We encrypt using "PKCS#7 / S/MIME ZIP Encryption" which is an industry-standard method for encrypting files using a combination of symmetric and public key cryptography.
How it works:
The ZIP file is encrypted with a random one-time AES-256 key
That key is then encrypted using your public key (RSA/ECC), so only your private key can unlock it
Both are bundled into a single encrypted package (.enc)
Security features:
No passwords to transmit or guess — security depends on possession of your private key
AES-256 is the same standard used by governments and financial institutions
Built on globally vetted, open standards
Without your private key, the file is unreadable
Technical instructions for encrypted ZIP files from Medicus:
Generate a private key
For a modern RSA key (2048-bit):
openssl genpkey -algorithm RSA -out private.pem -pkeyopt rsa_keygen_bits:2048This generates private.pem which is the private key. Keep this secret - it should stay on your server to decrypt the files that we upload.

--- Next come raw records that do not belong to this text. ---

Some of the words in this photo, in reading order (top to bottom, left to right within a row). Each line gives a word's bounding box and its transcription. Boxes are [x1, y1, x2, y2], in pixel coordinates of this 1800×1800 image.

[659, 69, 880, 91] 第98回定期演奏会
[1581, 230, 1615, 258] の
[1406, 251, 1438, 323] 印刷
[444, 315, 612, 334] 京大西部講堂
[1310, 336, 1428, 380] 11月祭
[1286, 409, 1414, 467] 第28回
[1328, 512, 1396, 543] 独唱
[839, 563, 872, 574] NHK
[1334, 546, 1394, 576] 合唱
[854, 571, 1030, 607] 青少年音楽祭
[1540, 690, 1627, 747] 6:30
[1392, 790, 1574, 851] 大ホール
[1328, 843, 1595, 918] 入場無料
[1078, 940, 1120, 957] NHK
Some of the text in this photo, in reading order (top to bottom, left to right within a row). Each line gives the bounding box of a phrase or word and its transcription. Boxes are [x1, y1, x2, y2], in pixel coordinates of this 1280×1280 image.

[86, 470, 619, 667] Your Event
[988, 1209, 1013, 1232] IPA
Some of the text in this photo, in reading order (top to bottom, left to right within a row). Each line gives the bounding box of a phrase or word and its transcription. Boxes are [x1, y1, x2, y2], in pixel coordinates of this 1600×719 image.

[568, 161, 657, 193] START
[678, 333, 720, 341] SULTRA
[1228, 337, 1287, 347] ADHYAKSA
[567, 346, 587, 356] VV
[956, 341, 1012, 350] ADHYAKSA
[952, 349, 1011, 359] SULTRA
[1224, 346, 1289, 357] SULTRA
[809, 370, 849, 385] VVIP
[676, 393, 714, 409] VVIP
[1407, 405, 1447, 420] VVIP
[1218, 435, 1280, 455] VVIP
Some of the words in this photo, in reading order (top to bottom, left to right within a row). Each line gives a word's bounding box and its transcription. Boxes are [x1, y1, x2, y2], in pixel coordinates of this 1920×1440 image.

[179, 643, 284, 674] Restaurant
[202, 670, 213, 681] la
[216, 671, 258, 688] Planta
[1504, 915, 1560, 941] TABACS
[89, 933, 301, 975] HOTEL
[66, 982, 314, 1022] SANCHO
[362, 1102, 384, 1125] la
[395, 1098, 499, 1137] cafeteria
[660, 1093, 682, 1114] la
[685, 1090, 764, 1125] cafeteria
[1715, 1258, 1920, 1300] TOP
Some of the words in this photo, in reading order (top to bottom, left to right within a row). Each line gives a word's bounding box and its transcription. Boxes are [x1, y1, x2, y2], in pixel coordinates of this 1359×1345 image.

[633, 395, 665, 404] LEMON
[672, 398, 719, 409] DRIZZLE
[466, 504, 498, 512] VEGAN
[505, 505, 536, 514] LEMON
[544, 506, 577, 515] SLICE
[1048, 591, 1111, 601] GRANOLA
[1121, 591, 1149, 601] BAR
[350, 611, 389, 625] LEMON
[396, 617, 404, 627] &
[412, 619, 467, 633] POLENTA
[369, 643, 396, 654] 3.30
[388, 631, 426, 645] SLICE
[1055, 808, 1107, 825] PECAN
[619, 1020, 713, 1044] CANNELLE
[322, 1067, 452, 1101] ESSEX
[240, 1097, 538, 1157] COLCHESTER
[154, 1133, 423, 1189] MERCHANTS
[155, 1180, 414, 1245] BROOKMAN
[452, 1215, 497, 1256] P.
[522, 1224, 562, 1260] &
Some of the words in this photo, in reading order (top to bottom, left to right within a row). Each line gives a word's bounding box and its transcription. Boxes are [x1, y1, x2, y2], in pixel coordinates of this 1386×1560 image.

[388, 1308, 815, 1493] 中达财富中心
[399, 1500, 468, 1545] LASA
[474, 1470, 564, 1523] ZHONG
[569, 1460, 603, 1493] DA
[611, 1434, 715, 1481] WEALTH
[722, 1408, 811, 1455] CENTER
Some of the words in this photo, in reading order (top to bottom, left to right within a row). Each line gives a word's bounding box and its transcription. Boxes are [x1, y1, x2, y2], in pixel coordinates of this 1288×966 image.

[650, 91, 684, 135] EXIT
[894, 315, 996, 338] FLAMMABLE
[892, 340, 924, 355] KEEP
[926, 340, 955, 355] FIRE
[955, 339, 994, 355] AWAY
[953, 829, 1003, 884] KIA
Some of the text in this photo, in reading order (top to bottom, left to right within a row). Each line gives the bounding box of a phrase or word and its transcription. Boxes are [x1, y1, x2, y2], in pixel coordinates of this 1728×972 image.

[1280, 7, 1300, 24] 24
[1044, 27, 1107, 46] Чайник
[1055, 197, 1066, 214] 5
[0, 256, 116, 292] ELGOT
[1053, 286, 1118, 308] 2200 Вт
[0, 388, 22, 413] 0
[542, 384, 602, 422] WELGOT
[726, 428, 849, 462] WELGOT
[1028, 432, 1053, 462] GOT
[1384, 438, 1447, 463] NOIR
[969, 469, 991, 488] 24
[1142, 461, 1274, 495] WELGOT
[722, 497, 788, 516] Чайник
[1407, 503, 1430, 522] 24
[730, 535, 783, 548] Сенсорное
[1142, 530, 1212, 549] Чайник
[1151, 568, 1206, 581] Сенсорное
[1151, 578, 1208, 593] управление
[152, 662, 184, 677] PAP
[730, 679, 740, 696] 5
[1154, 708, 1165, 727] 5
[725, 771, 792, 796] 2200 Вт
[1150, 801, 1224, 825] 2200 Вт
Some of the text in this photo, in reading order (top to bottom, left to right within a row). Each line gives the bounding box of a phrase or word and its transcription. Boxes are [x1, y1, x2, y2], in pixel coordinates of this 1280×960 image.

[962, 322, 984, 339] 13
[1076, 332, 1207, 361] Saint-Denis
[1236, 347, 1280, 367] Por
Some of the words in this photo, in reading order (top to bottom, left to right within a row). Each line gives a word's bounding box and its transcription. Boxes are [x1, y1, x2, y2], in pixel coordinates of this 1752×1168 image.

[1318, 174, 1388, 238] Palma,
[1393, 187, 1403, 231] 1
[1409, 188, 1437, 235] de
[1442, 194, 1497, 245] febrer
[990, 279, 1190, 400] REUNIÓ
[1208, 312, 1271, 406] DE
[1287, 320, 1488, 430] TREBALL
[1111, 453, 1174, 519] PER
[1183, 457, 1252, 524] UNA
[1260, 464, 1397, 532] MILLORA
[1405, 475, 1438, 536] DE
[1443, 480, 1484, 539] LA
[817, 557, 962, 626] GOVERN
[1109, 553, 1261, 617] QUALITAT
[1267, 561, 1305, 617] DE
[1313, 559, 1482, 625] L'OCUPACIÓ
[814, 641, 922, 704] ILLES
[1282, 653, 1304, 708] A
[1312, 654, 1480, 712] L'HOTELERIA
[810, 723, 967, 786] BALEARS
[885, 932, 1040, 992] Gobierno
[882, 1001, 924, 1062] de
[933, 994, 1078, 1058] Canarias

Generate a self-signed certificate
For PKCS#7 / S/MIME, you need a certificate with your public key. Use your private key to generate it:
openssl req -new -x509 -key private.pem -out certificate.pem -days 3650This generates certificate.pem which is the certificate. It has an expiry date of 10 years. There is no need to fill in any of the certificate fields.
Provide the certificate to the practice
Provide certificate.pem to the practice when they enable the extract:
Medicus will encrypt the data extract file.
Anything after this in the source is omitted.